Additionally, only four tackles with over 1,000 snaps committed fewer penalties than Massie’s four, and he allowed just one sack, two hits and 23 pressures, per Pro Football Focus. With that backdrop, Ryan Pace’s move to sign Massie to a contract extension looks smart — especially given how his contract is structured, keeping his cap hit low in 2019. With Leno and Massie together again, the Bears can move forward with confidence their tackles will keep Mitch Trubisky upright again this season. 

3. Bradley Sowell
Usage: 16 games, 4.7 percent of offensive snaps, 17.7 percent of special teams snaps
2019 status: $1.8 million cap hit

Sowell fits well as a swing tackle who was used in a few different ways last year: As a sixth offensive lineman (30 snaps, one of which was on “Santa’s Sleigh”), as a fullback (eight snaps, all in Week 17 against the Vikings) and in the slot (one snap). The question for Pace, though: Do all those traits make him worth keeping in the face of a potential $1.5 million in cap savings by cutting him?

The answer is, probably, yes. Sowell played well in 2017 as both a guard and a tackle, and his athleticism does allow Nagy to do some outside-the-box things with him. But without much cap space available, perhaps Pace will roll the dice with an unproven backup for cheap. 

4. Rashaad Coward
Usage: 0 games
2019 status: Exclusive rights free agent

Coward had a trial by fire in 2018, when he had to learn how to play right tackle while largely lining up against Khalil Mack during mid-week practices at Halas Hall. He’s an intriguing prospect, one the Bears weren’t willing to risk losing by trying to sneak him onto the practice squad last year. Depending on the kind of growth he showed under the tutelage of Harry Hiestand, he could be back in a reserve role in 2019. 

5. Cornelius Lucas
Usage (with New Orleans Saints): 1 game, 5 percent of offensive snaps
2019 status: Reserve/future contract

Lucas is a five-year veteran who’s appeared in 37 games in his career, but only played in once in each of the last two seasons (lone starts with the Rams in 2017 and Saints in 2018). If the Bears were to part with Sowell, he’d have an opportunity to compete to be the team’s swing tackle this year. 

6. Dejon Allen
Usage: Practice squad
2019 status: Reserve/future contract

Allen spent 2018 on the Bears’ practice squad, and the 6-foot-3, 290 pound Hawaii alum will have a shot at sticking around as a practice squad player again in 2019. 

Guards

1. James Daniels
Usage: 16 games, 70.9 percent of offensive snaps
2019 status: $1,579,581 cap hit

Daniels steadily improved throughout his rookie season, and acquitted himself well as the Bears muted the impact Ndamukong Suh and Aaron Donald had on their 15-6 win over the Rams in December. His future looks bright as the Bears seem to move forward with Cody Whitehair as their center and Daniels locked in at left guard. 

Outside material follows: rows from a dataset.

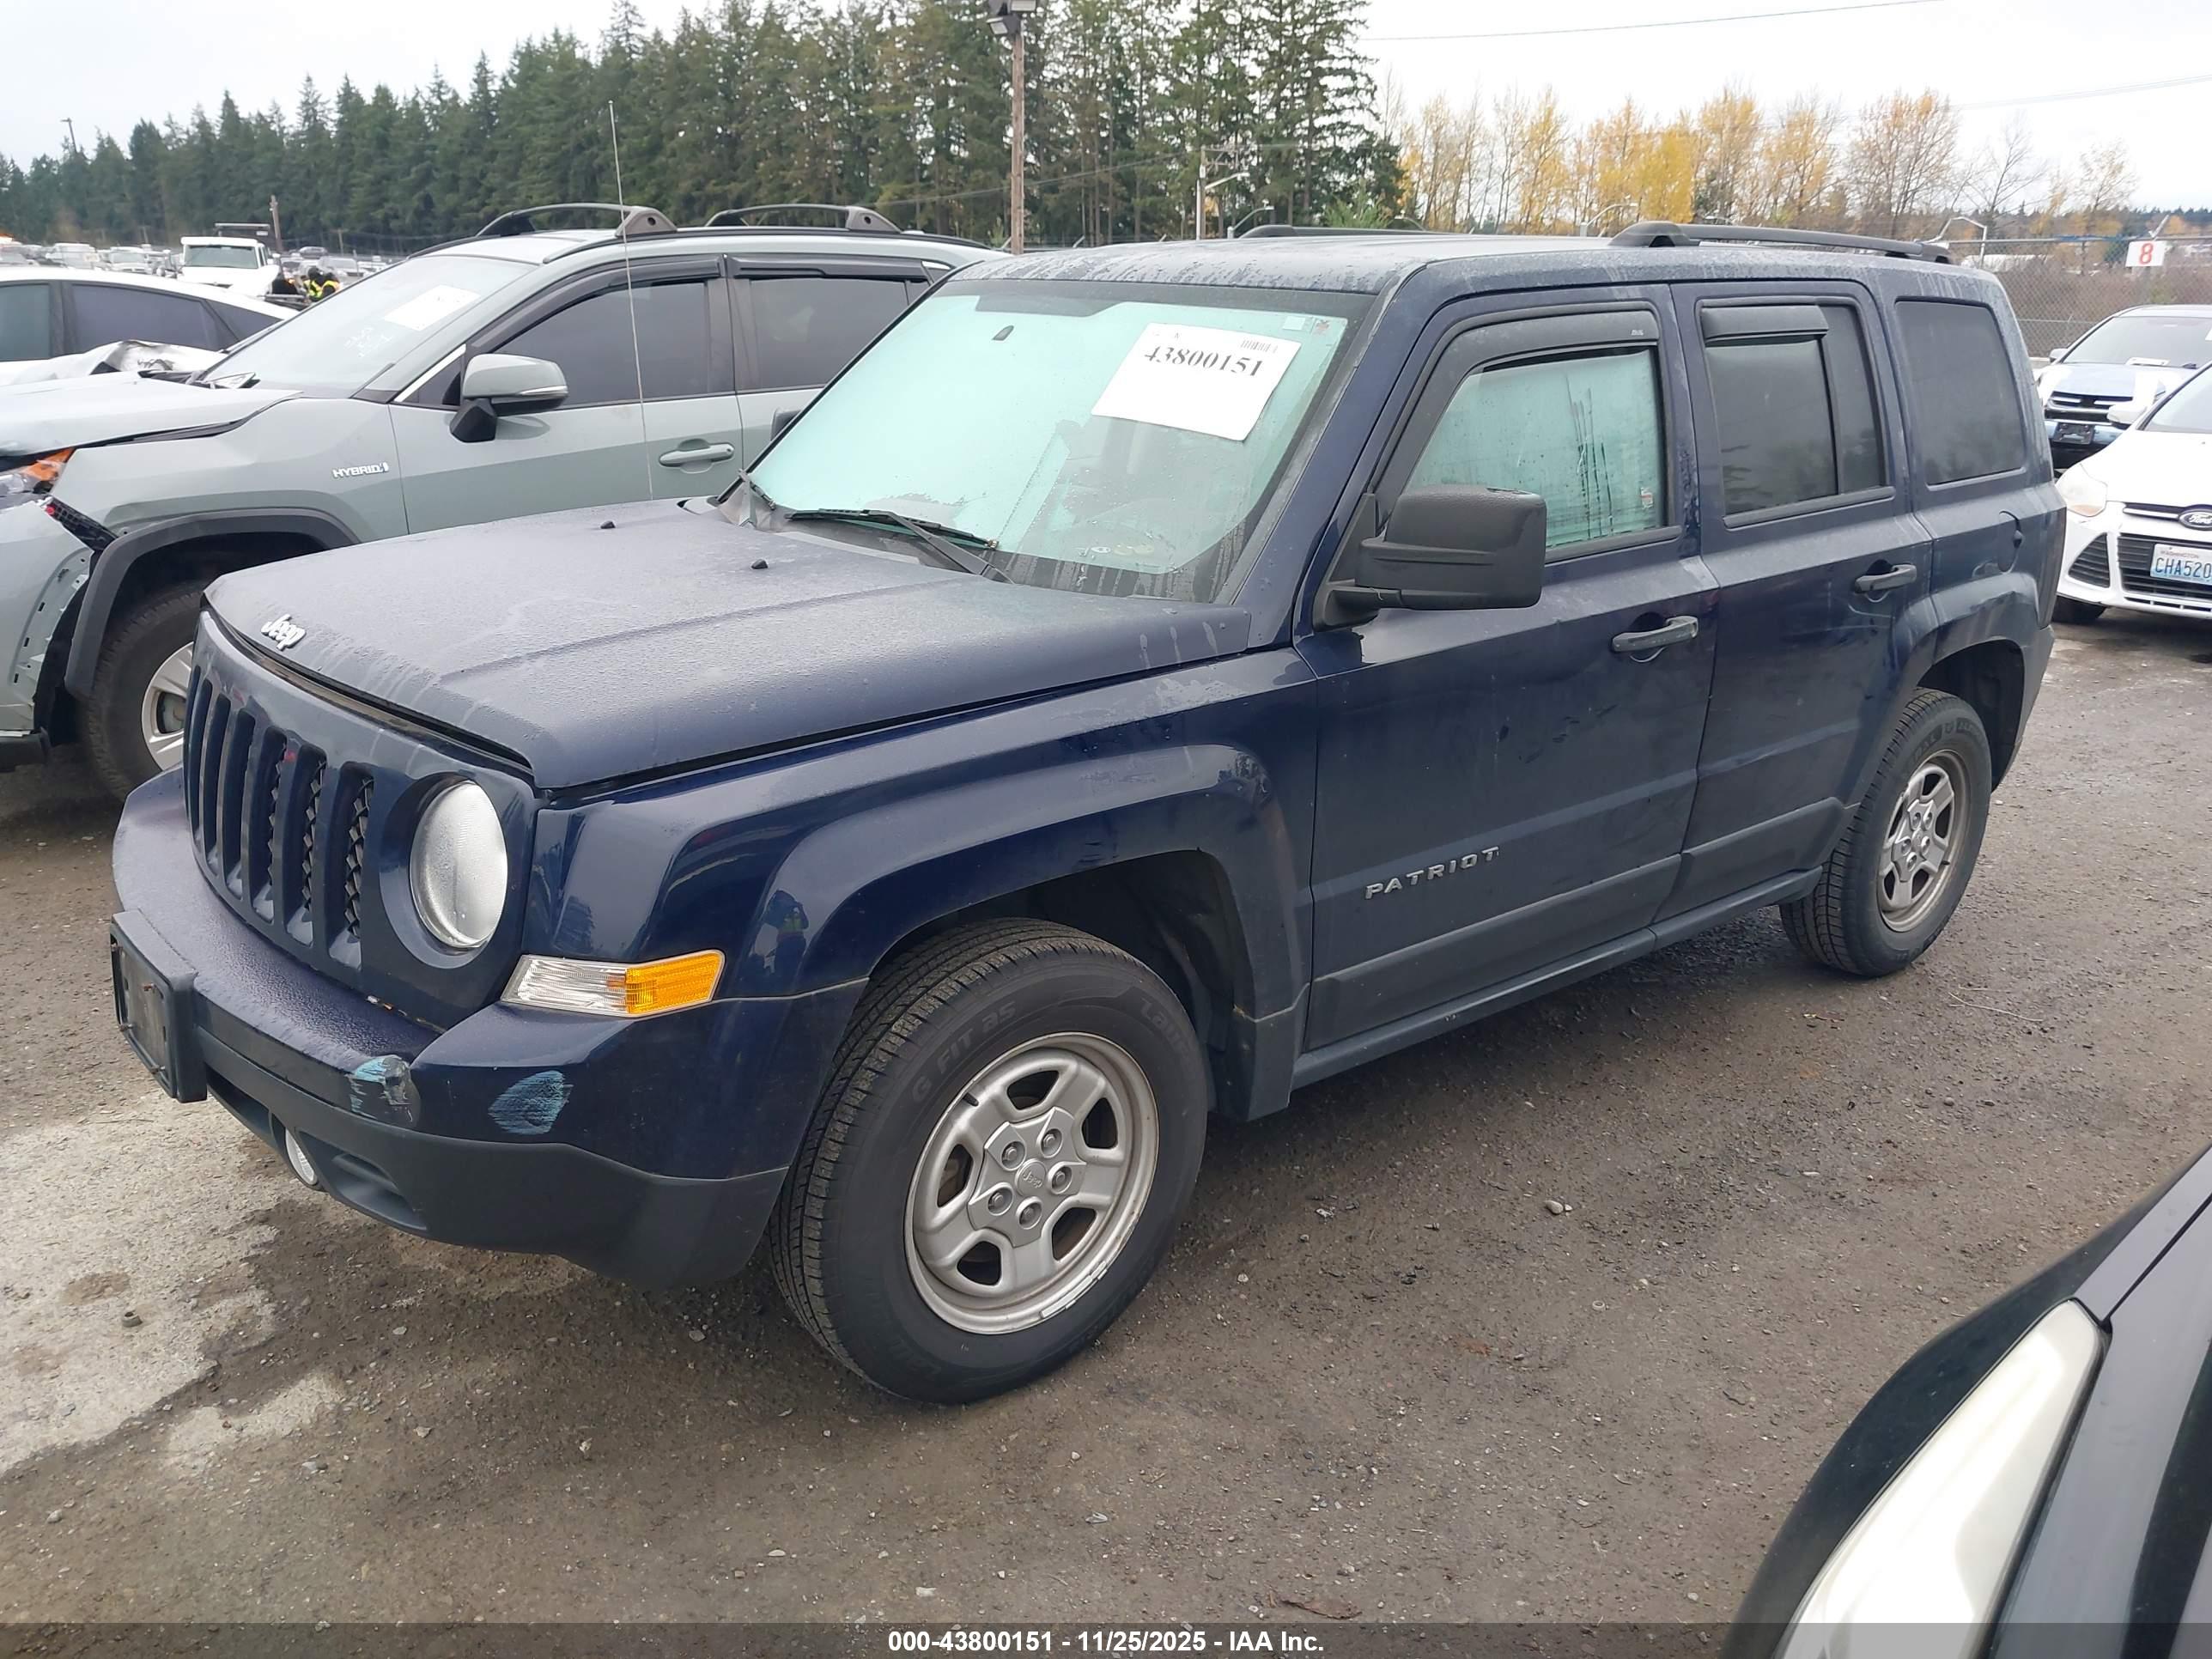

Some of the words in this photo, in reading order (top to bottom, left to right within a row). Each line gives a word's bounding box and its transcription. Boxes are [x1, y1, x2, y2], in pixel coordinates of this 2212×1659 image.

[2140, 243, 2154, 264] 8
[1144, 345, 1263, 376] 43800151
[331, 464, 384, 477] HYBRID
[2154, 556, 2212, 579] CHA520
[260, 613, 307, 650] Jeep
[1364, 845, 1499, 900] PATRIOT
[937, 1027, 974, 1075] FIT
[1022, 1165, 1043, 1189] Jeep

“We like where he's headed,” offensive coordinator Mark Helfrich said last month. “He's a guy that again is kind of a quietly confident, he's naturally a quiet guy and the more you're around him, I think he just has that calmness. … We believe in him. It's not a situation where we are going 'Hey we have to turn this way or that way or the other.’ He's going to have some tough matchups and we expect him to win them."

2. Kyle Long
Usage: 8 games, 47.5 percent of offensive snaps
2019 status: $8.5 million cap hit

Long seems like a candidate to have his contract re-structured, as the Bears value his presence but also may not be keen on committing $8.5 million to a guard — and a guard who hasn’t played a full season since 2015. The Bears declined to pick up Josh Sitton's $8 million option a year ago, opting to replace him with a combination of Eric Kush and James Daniels. 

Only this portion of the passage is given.